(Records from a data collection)

==================================================

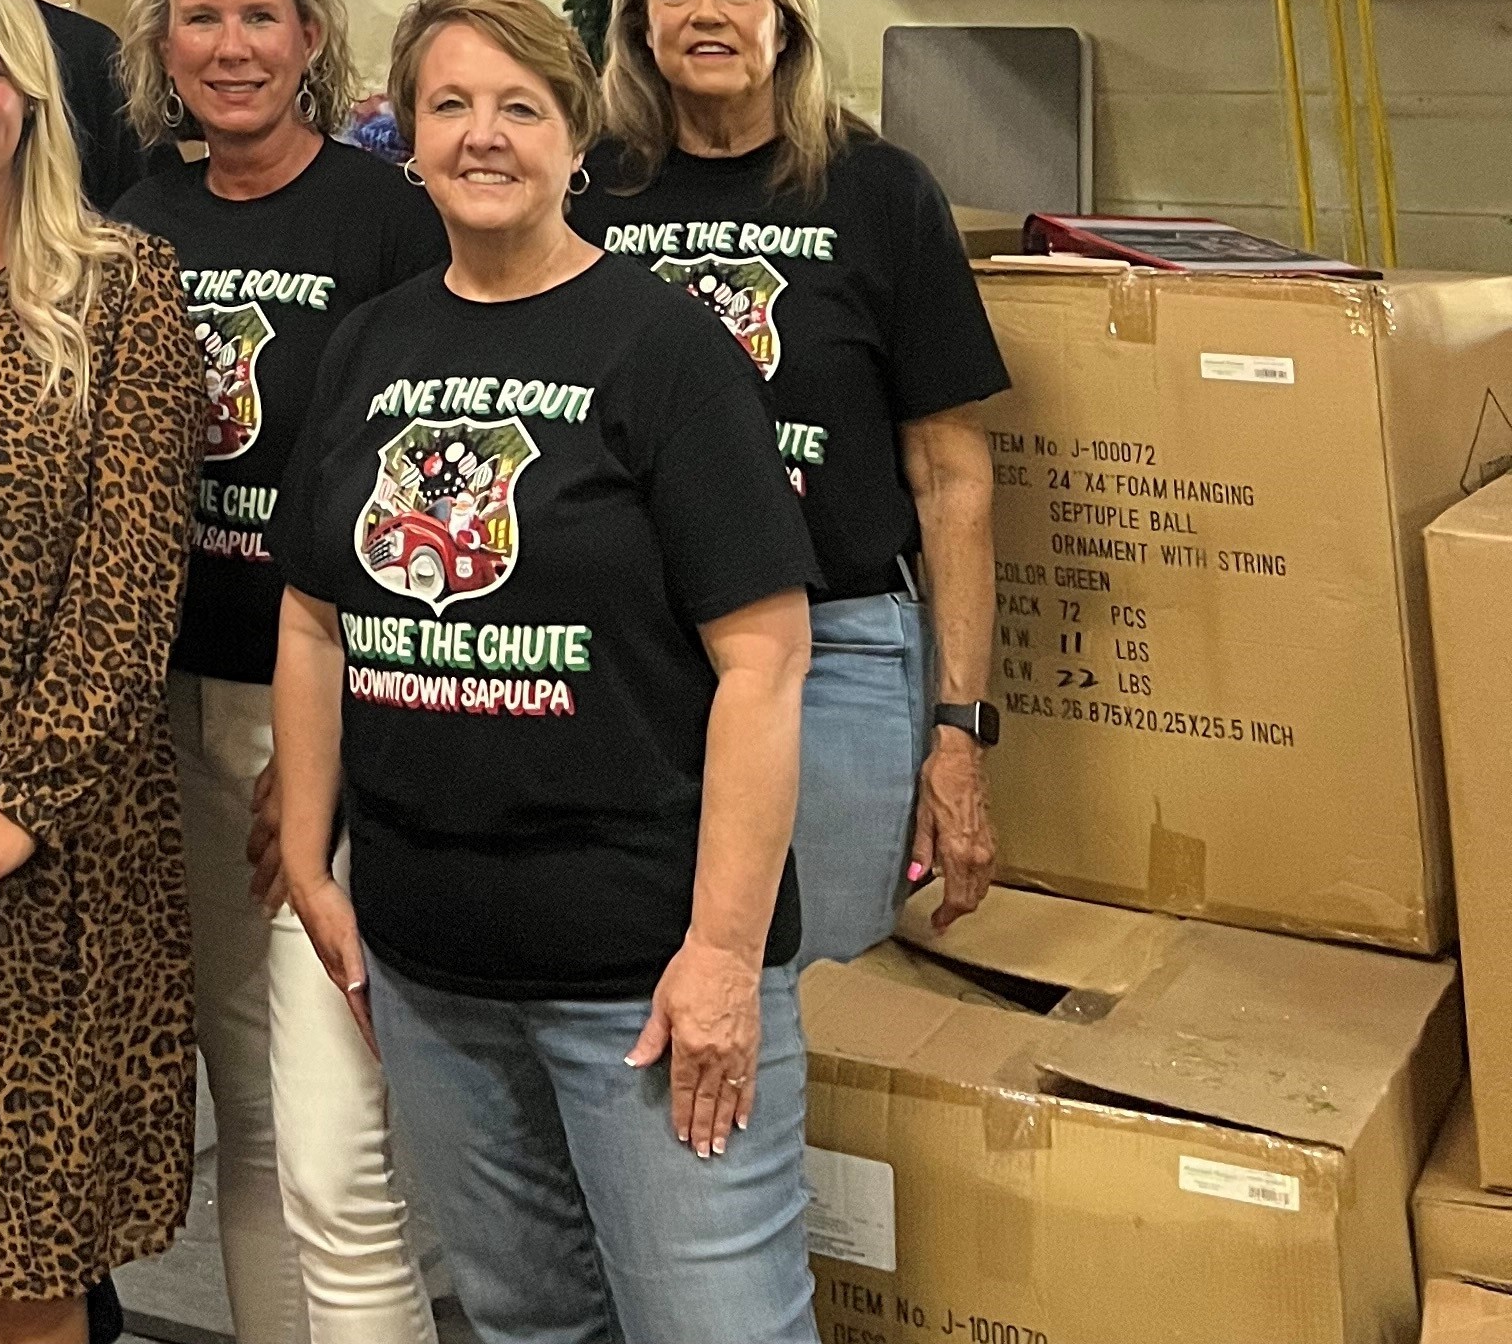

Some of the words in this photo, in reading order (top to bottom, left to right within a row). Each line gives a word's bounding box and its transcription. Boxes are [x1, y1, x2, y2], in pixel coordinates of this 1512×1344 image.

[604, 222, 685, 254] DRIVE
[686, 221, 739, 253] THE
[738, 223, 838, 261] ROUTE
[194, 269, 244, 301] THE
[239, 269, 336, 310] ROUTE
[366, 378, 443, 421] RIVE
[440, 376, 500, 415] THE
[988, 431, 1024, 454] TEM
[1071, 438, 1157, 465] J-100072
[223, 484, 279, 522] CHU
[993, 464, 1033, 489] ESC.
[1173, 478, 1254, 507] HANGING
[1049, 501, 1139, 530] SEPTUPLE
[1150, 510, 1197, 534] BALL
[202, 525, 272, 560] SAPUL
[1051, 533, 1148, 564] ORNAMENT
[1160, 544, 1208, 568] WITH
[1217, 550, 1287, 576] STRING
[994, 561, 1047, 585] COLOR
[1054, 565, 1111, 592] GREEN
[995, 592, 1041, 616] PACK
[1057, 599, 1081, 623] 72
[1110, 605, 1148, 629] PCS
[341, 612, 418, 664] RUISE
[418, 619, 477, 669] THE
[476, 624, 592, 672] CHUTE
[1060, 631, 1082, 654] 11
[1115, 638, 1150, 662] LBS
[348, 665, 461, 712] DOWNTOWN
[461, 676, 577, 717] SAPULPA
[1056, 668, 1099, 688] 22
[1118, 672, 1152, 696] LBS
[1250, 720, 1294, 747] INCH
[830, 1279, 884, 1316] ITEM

==================================================

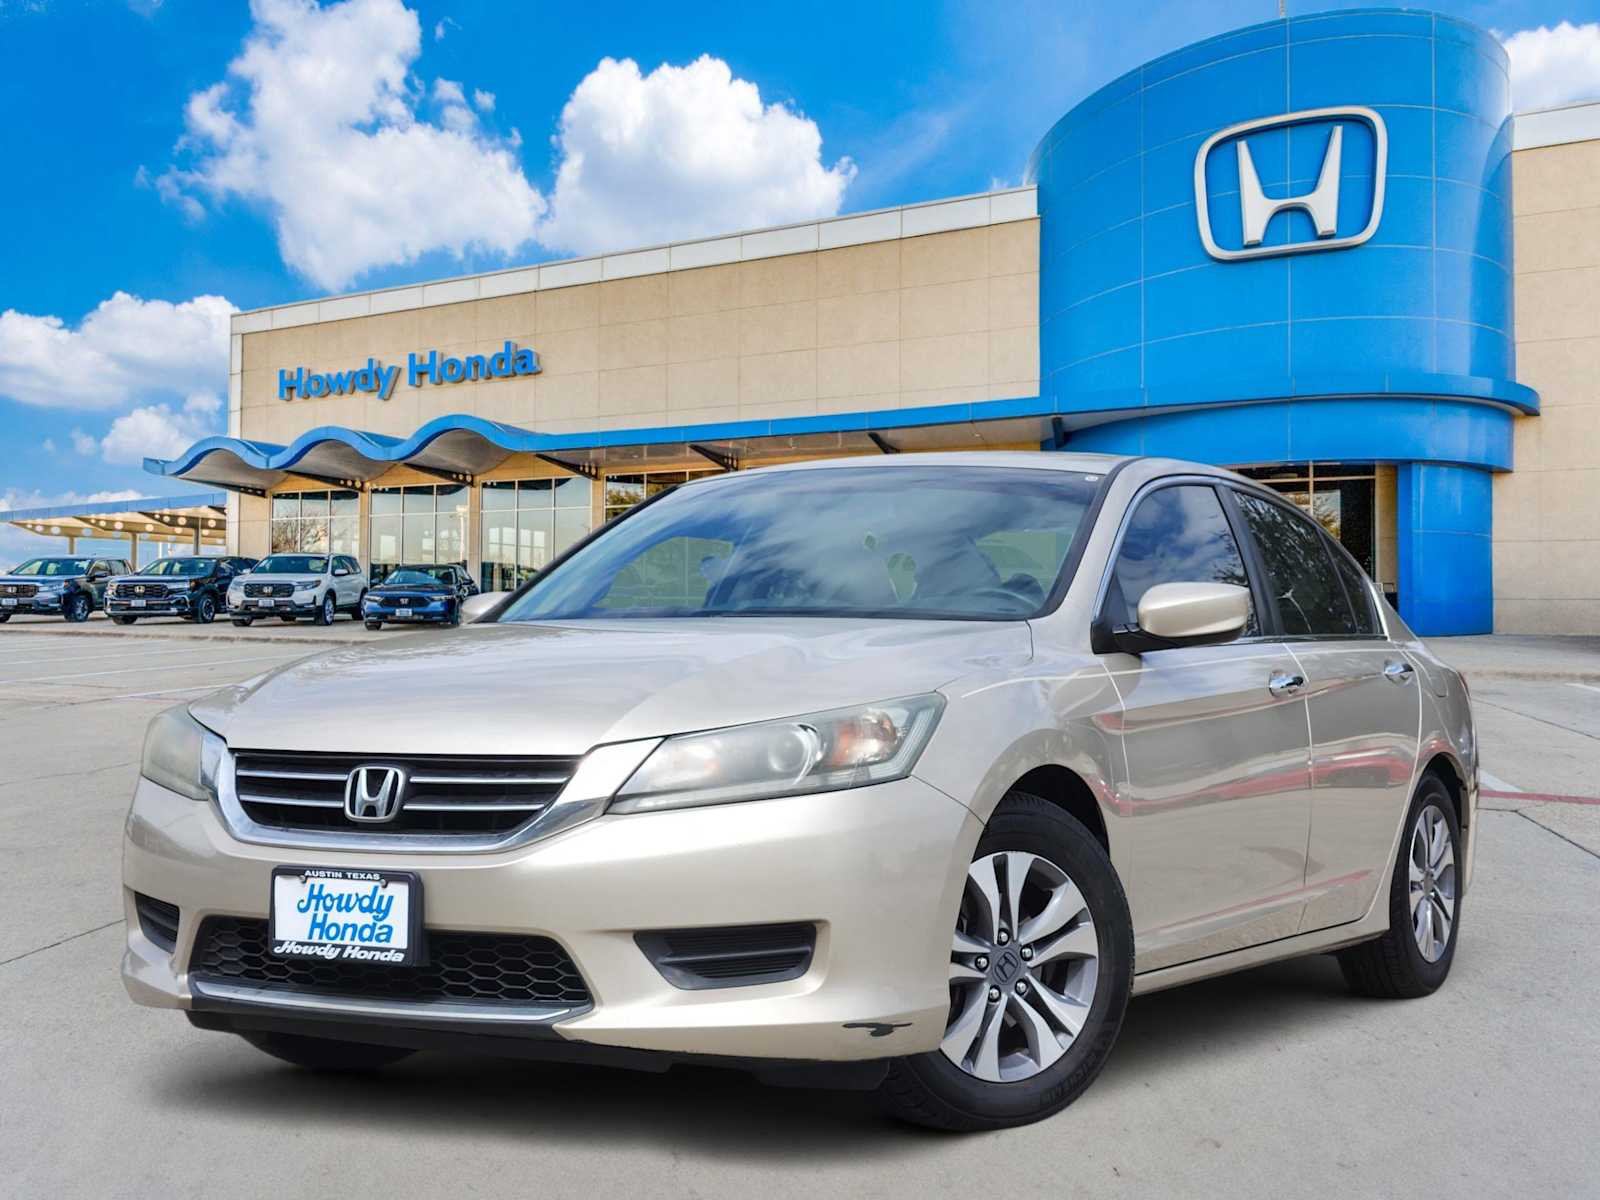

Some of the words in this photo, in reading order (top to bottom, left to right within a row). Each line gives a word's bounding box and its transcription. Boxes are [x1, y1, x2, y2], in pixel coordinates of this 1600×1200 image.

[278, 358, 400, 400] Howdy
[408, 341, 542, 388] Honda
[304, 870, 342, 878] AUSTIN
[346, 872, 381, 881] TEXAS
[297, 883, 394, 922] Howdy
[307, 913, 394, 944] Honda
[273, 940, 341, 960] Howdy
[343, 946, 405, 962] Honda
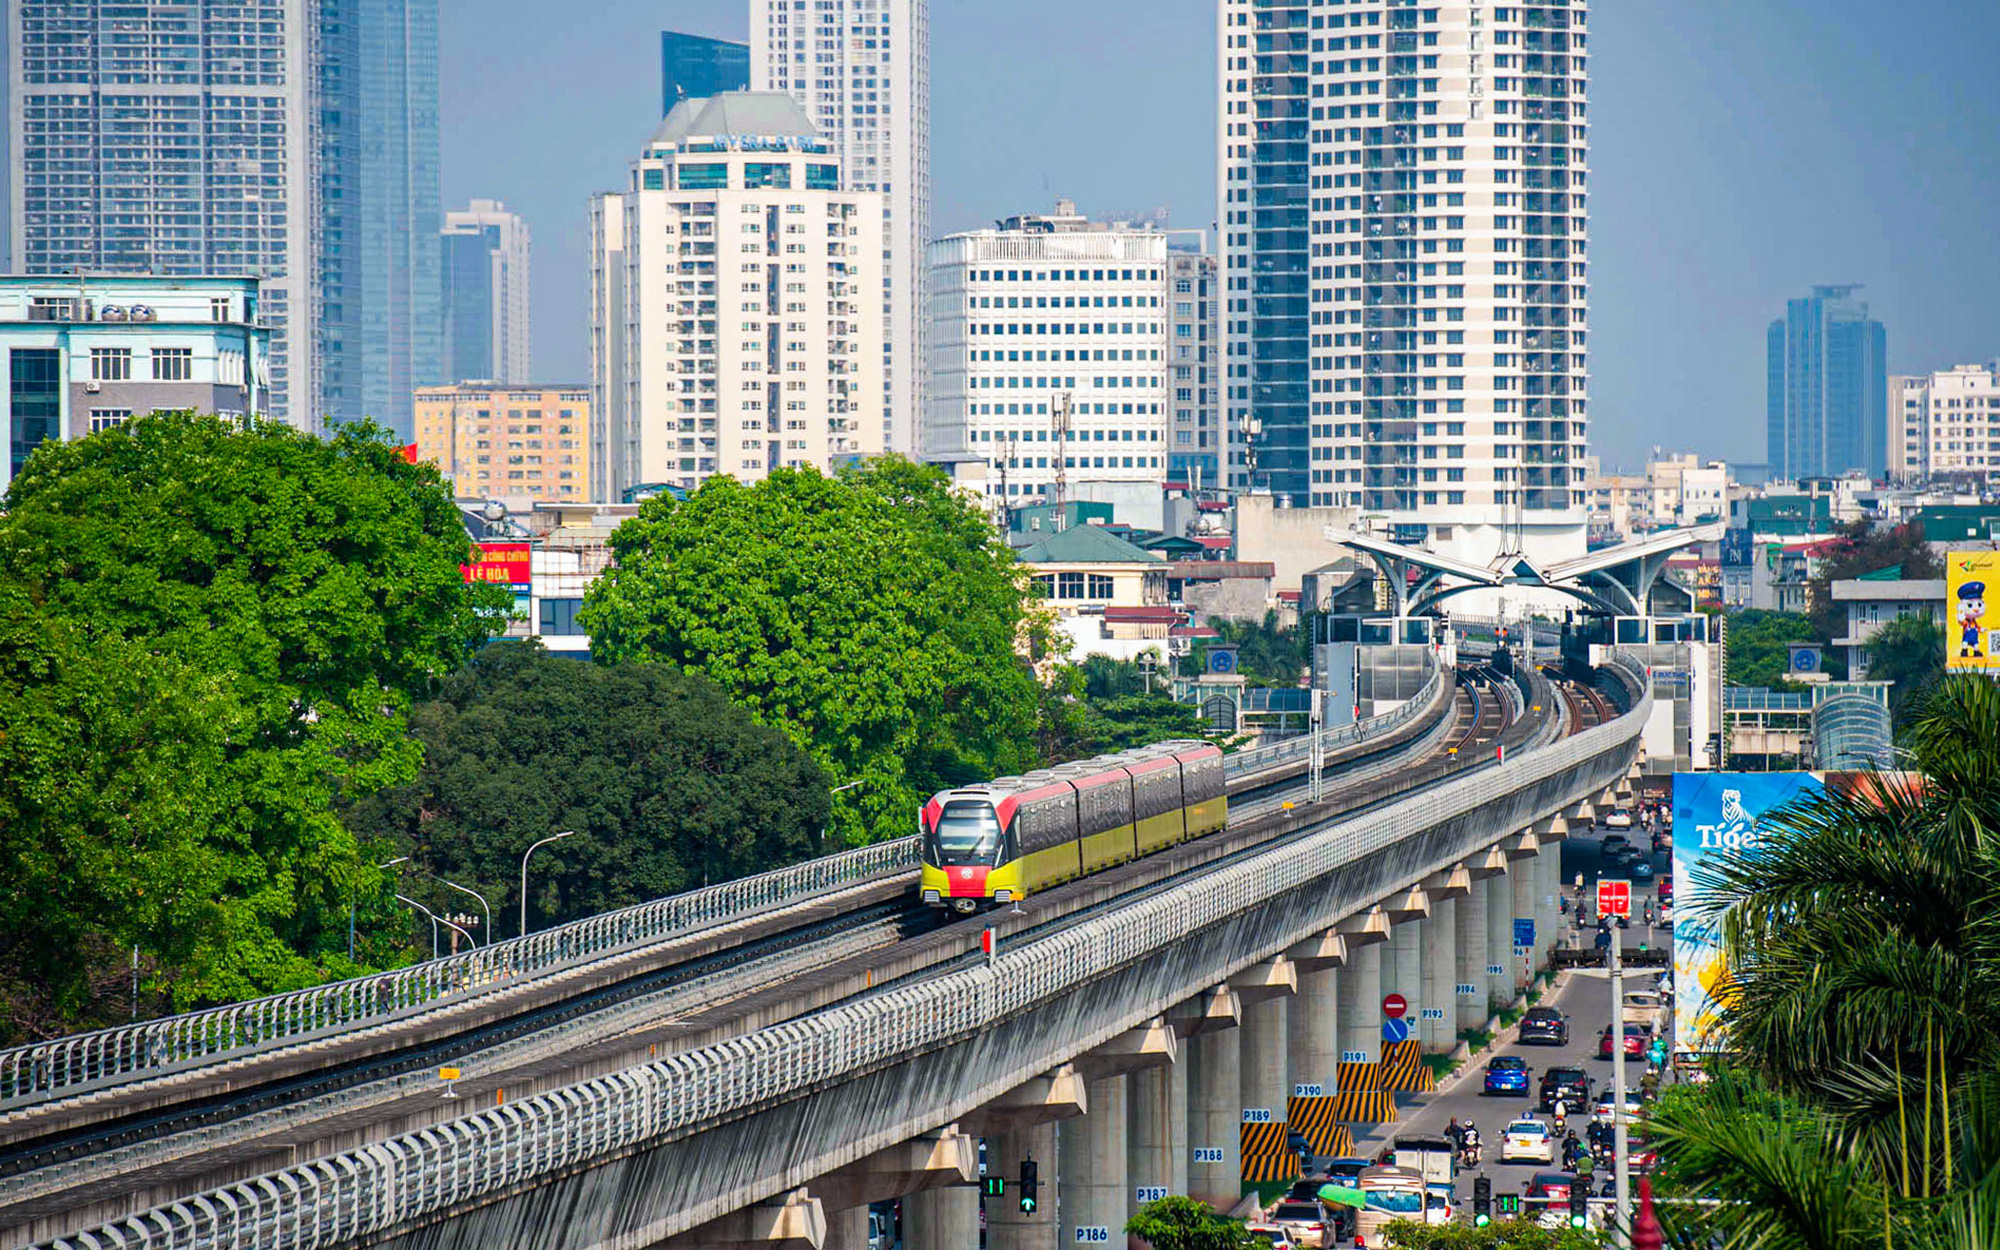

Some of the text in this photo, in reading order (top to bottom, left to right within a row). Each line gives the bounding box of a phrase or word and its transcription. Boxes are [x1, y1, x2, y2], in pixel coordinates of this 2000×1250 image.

==================================================

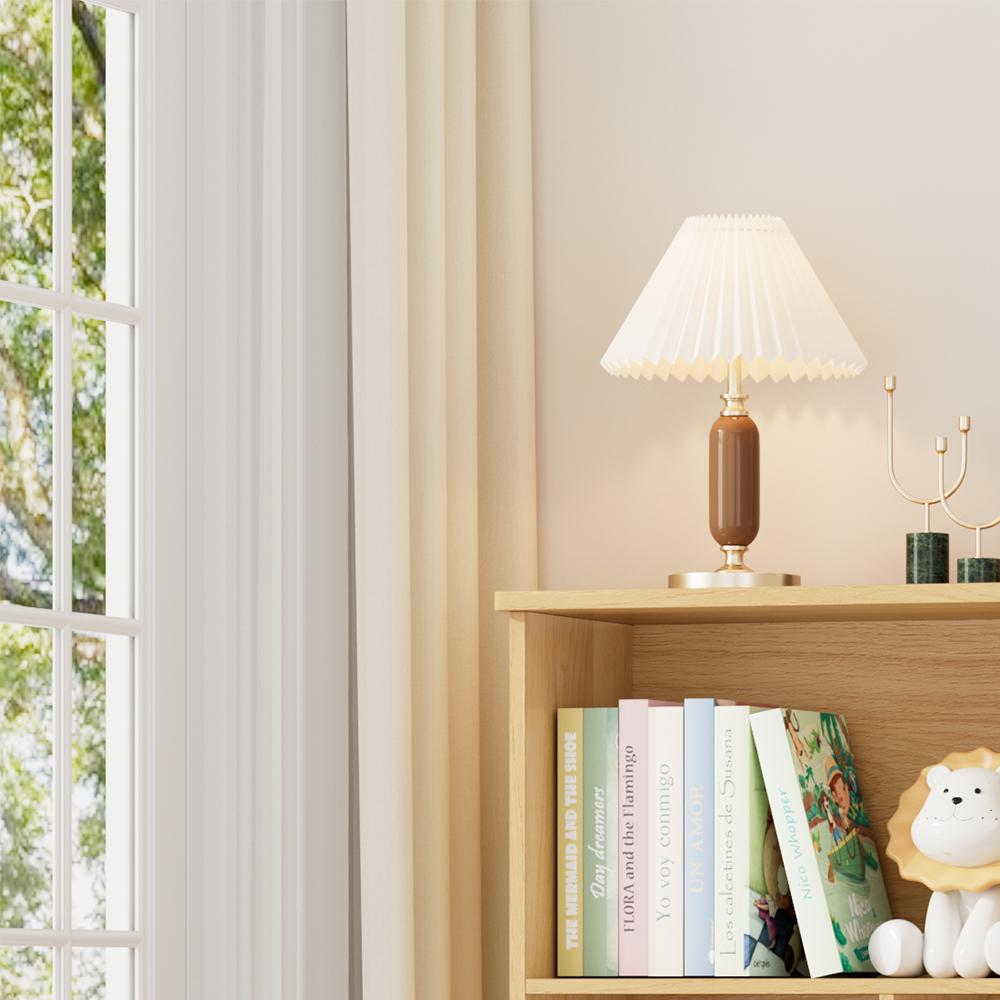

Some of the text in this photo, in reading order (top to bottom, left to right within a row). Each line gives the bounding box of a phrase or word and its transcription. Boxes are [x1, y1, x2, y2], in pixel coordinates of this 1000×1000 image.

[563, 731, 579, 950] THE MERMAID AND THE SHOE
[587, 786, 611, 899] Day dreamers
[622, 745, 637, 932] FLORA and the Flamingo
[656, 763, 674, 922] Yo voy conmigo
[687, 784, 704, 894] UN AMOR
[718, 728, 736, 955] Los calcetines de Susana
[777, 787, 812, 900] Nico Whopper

==================================================

TASK INSTRUCTIONS: Pictures are to be left out. Write out only the lines above starting at the one with "this 1600×1200 image." and ending at the one with "this 2000×1250 image.", both lines included, exactly.

SOLUTION TO THE EXERCISE:
Some of the words in this photo, in reading order (top to bottom, left to right within a row). Each line gives a word's bounding box and its transcription. Boxes are [x1, y1, x2, y2], in pixel coordinates of this 1600×1200 image.

[278, 358, 400, 400] Howdy
[408, 341, 542, 388] Honda
[304, 870, 342, 878] AUSTIN
[346, 872, 381, 881] TEXAS
[297, 883, 394, 922] Howdy
[307, 913, 394, 944] Honda
[273, 940, 341, 960] Howdy
[343, 946, 405, 962] Honda

Some of the text in this photo, in reading order (top to bottom, left to right within a row). Each line gives the bounding box of a phrase or word and its transcription. Boxes are [x1, y1, x2, y2], in pixel coordinates of this 2000×1250 image.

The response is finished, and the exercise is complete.